══ MATERIALS PROVIDED ══
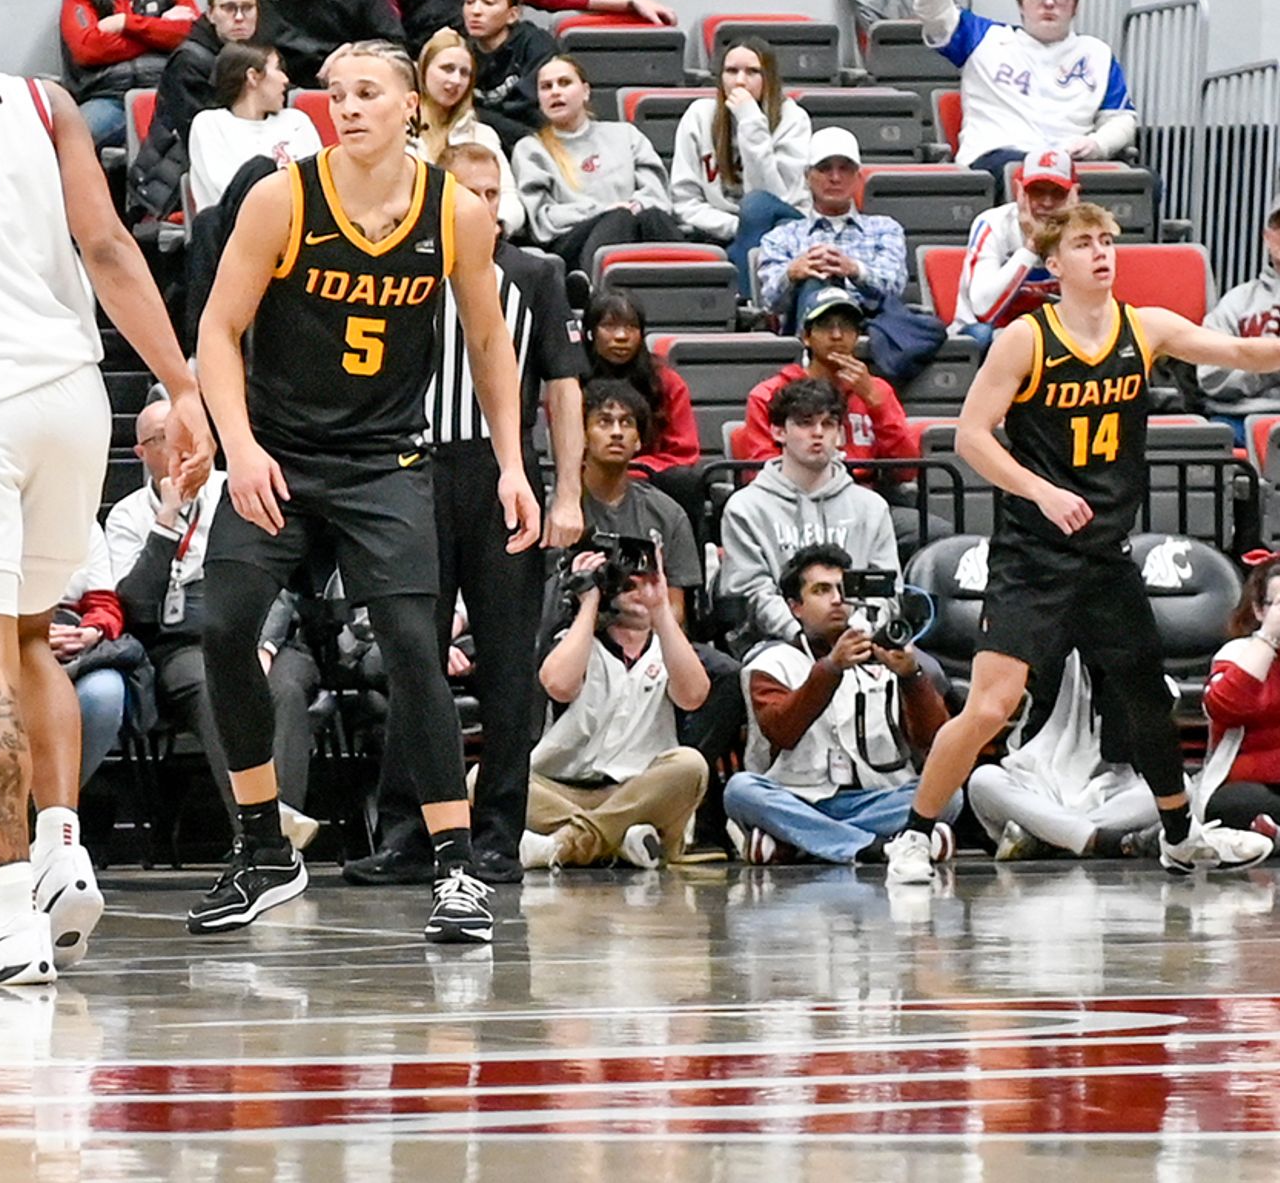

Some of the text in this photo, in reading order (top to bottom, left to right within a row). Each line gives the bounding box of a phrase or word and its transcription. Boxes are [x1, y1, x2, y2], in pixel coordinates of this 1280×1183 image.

[993, 62, 1031, 96] 24
[305, 267, 436, 307] IDAHO
[341, 316, 387, 377] 5
[1044, 373, 1142, 409] IDAHO
[1070, 412, 1120, 467] 14
═══
## DIRECTIONS FOR THIS TASK
When you output the listing, reproduce it exactly but drop its pictures.

## TASK RESULT
Some of the text in this photo, in reading order (top to bottom, left to right within a row). Each line gives the bounding box of a phrase or word and its transcription. Boxes are [x1, y1, x2, y2], in pixel coordinates of this 1280×1183 image.

[993, 62, 1031, 96] 24
[305, 267, 436, 307] IDAHO
[341, 316, 387, 377] 5
[1044, 373, 1142, 409] IDAHO
[1070, 412, 1120, 467] 14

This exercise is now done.